[Image-backed grounding data]
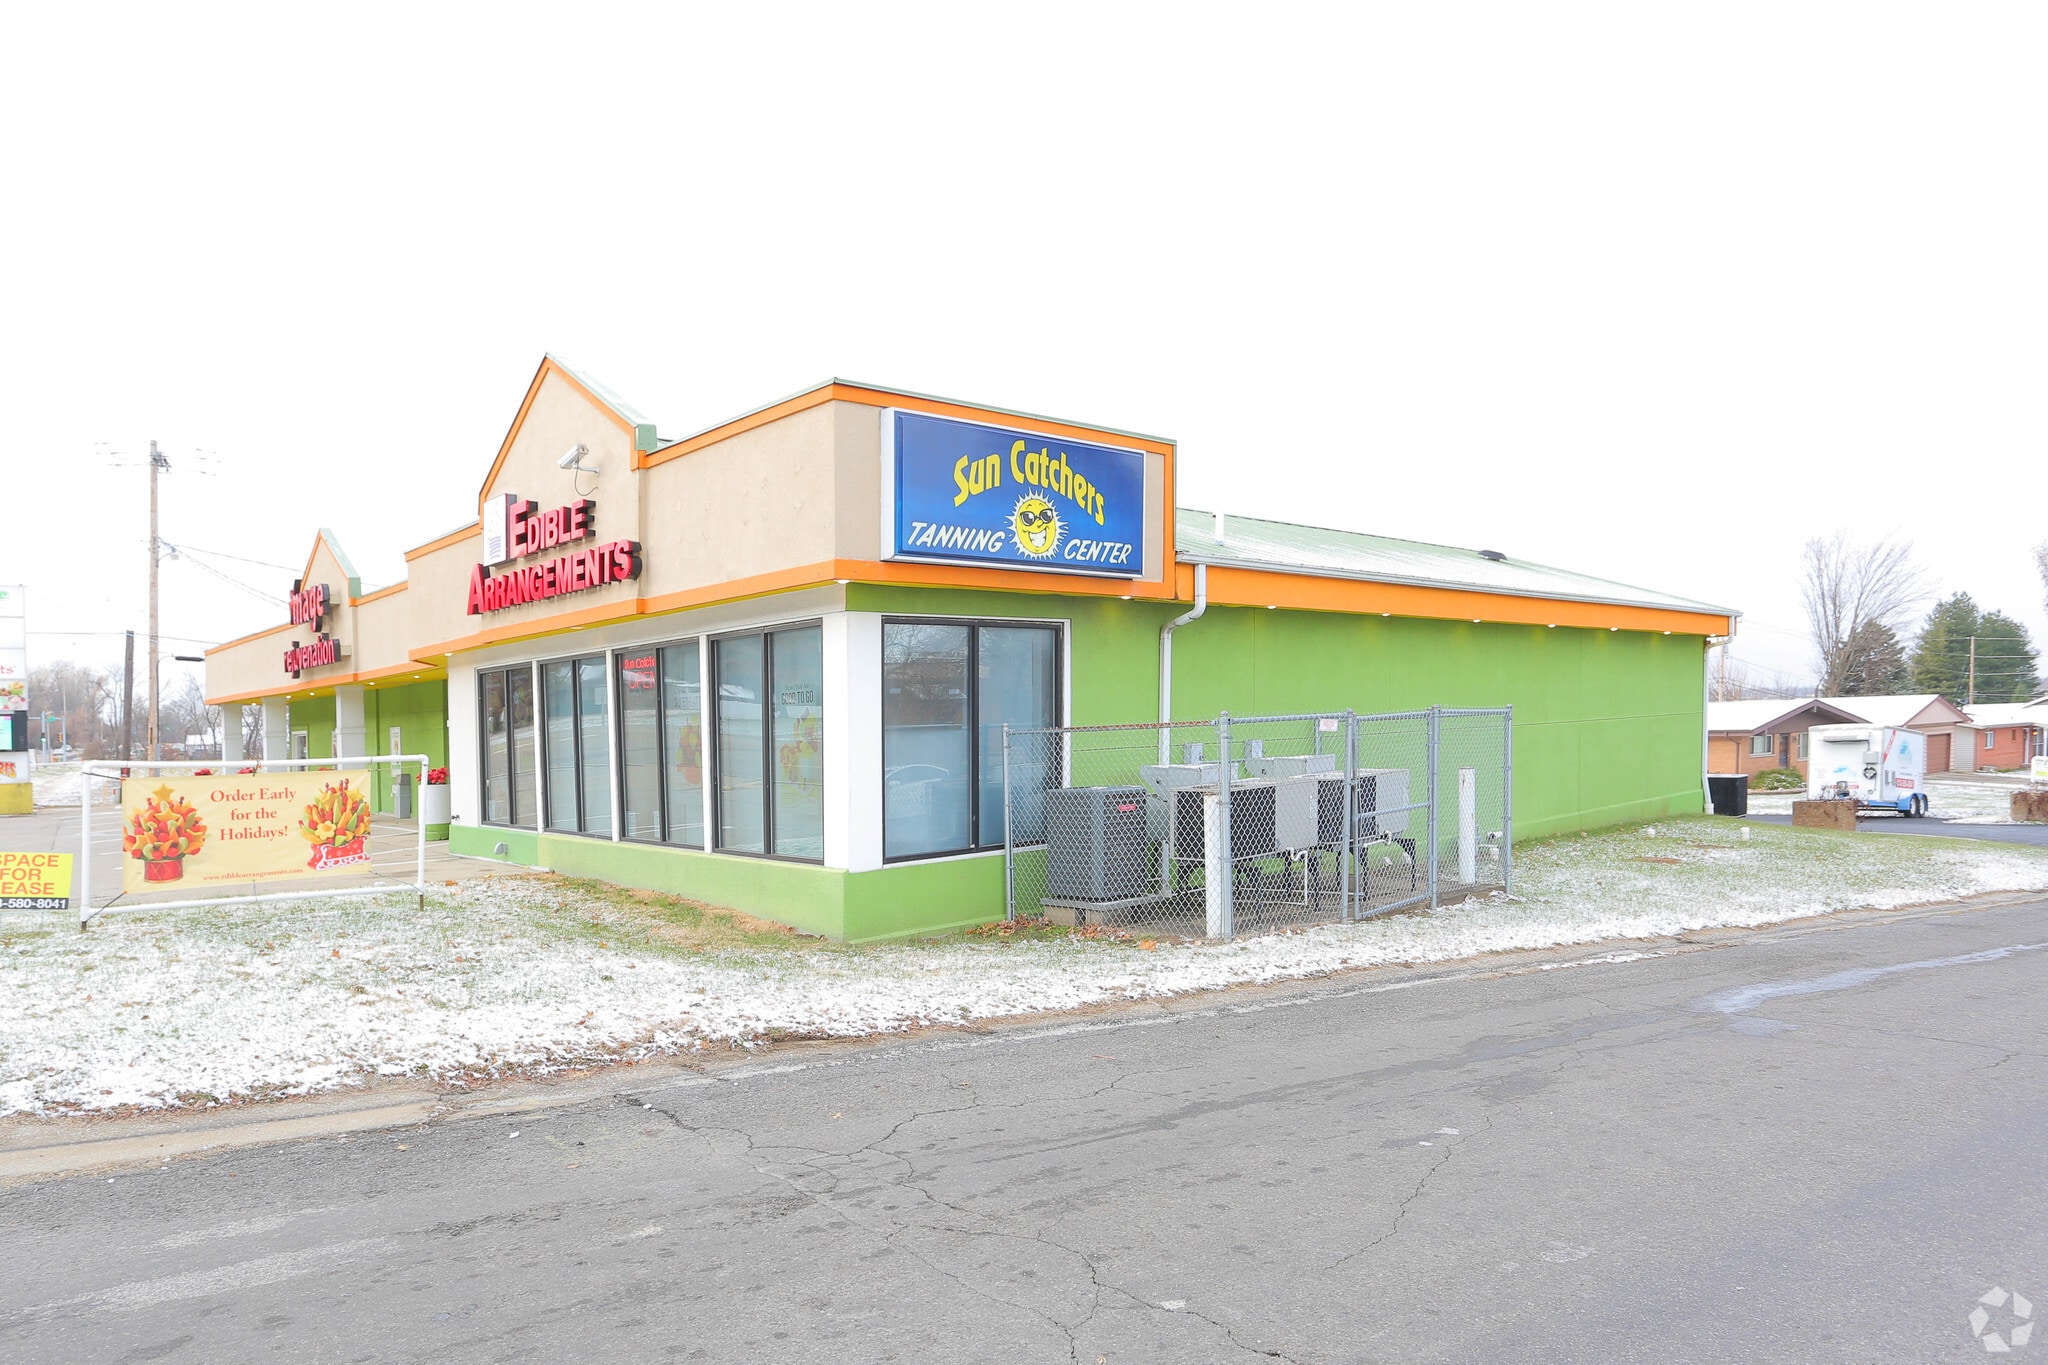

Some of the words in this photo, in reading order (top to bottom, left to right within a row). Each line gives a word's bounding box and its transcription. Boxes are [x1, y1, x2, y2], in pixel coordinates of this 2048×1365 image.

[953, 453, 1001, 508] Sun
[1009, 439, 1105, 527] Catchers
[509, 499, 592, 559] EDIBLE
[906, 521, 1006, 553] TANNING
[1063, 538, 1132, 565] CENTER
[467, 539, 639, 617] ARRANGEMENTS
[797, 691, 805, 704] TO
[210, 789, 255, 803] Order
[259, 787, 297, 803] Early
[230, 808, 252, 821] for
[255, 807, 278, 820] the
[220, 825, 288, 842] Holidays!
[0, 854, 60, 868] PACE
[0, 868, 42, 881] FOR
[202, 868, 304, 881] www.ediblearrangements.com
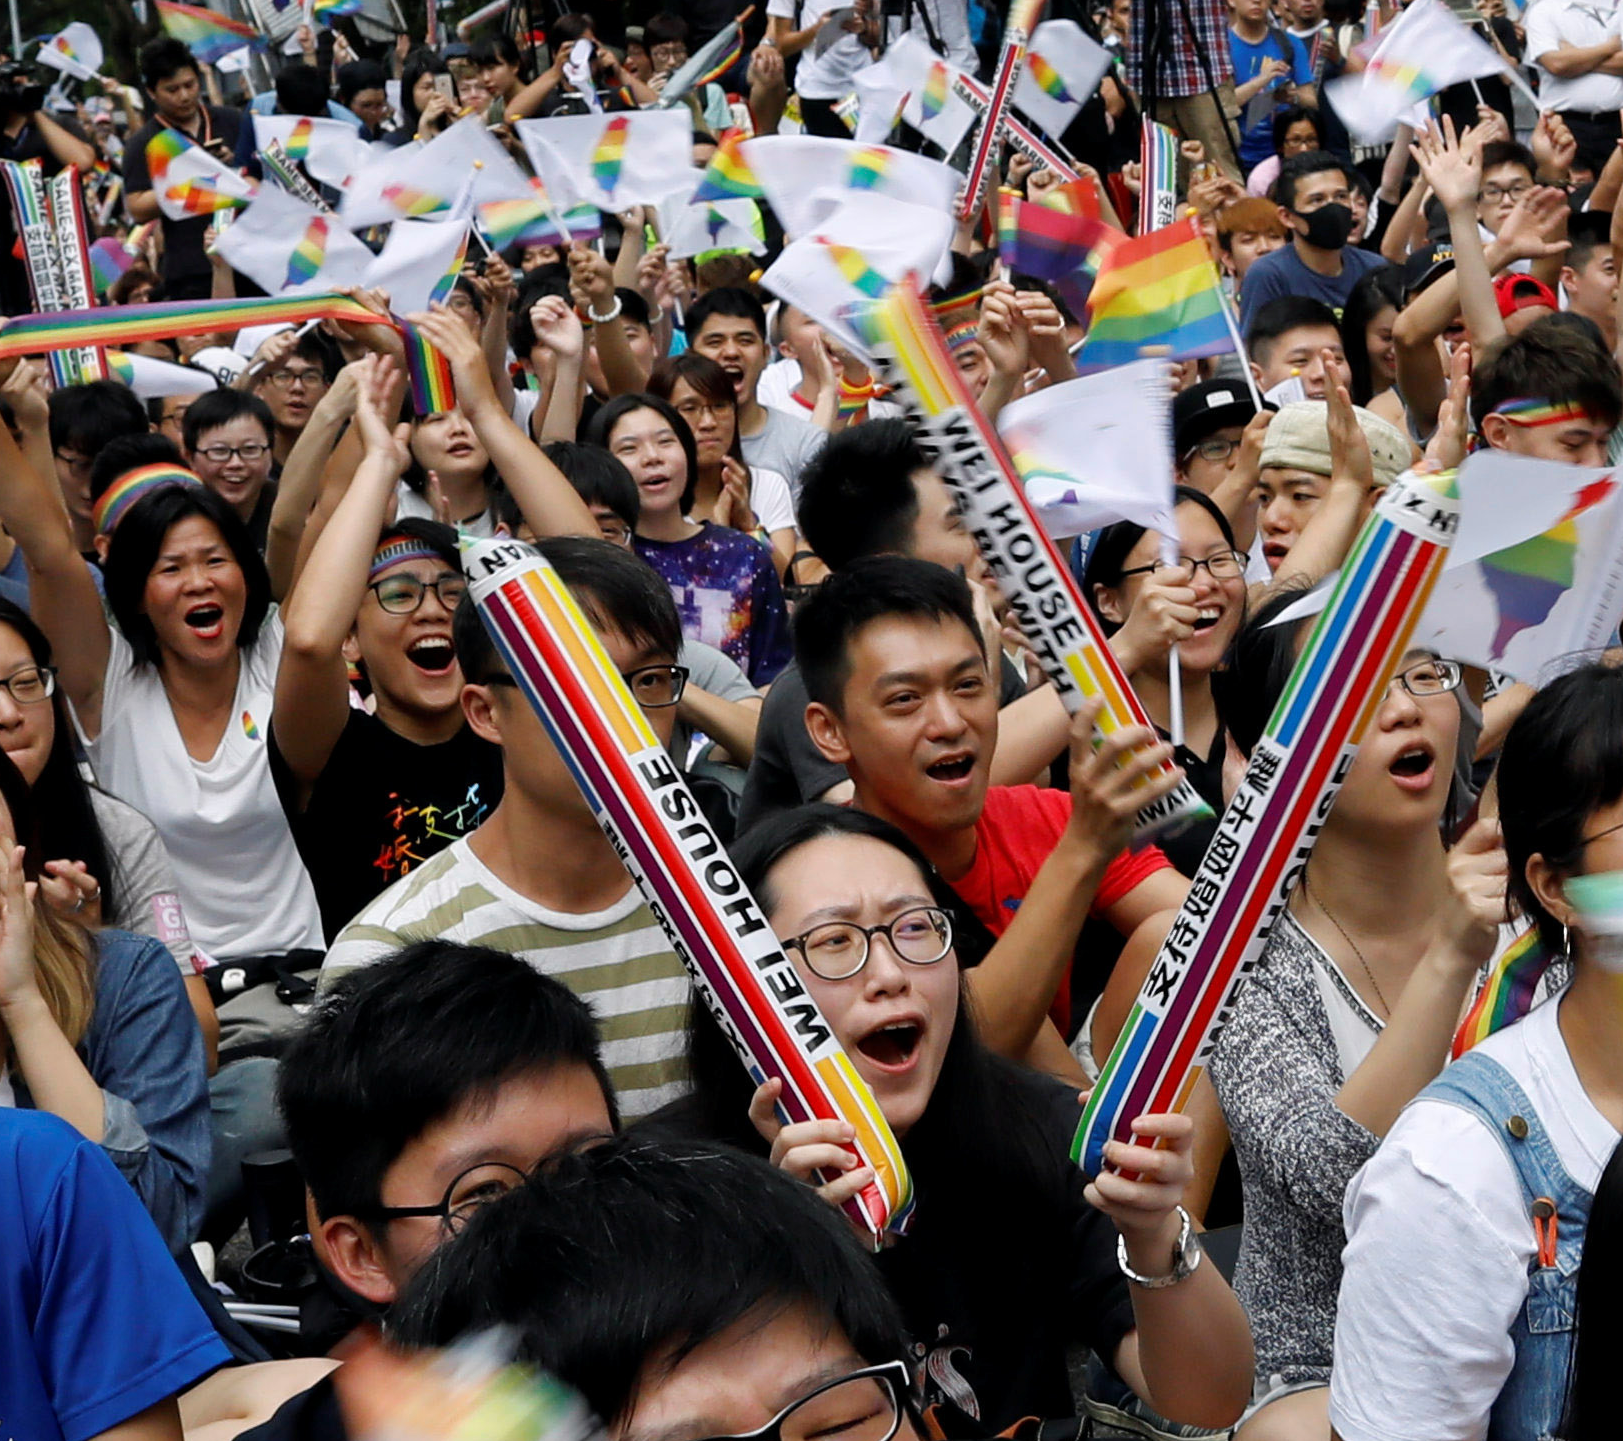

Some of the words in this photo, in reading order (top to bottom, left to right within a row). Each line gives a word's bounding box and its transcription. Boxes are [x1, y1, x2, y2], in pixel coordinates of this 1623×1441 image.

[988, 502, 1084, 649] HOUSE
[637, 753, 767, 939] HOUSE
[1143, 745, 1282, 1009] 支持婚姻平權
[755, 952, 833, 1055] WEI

• _Task brief_
None of the pictures should appear; the rest of the entries must be reproduced exactly.

• _Task output_
Some of the words in this photo, in reading order (top to bottom, left to right within a row). Each line gives a word's bounding box and its transcription. Boxes are [x1, y1, x2, y2], in pixel coordinates of this 2048×1365 image.

[953, 453, 1001, 508] Sun
[1009, 439, 1105, 527] Catchers
[509, 499, 592, 559] EDIBLE
[906, 521, 1006, 553] TANNING
[1063, 538, 1132, 565] CENTER
[467, 539, 639, 617] ARRANGEMENTS
[797, 691, 805, 704] TO
[210, 789, 255, 803] Order
[259, 787, 297, 803] Early
[230, 808, 252, 821] for
[255, 807, 278, 820] the
[220, 825, 288, 842] Holidays!
[0, 854, 60, 868] PACE
[0, 868, 42, 881] FOR
[202, 868, 304, 881] www.ediblearrangements.com

Some of the words in this photo, in reading order (top to bottom, left to right within a row). Each line gives a word's bounding box and its transcription. Boxes are [x1, y1, x2, y2], in pixel coordinates of this 1623×1441 image.

[988, 502, 1084, 649] HOUSE
[637, 753, 767, 939] HOUSE
[1143, 745, 1282, 1009] 支持婚姻平權
[755, 952, 833, 1055] WEI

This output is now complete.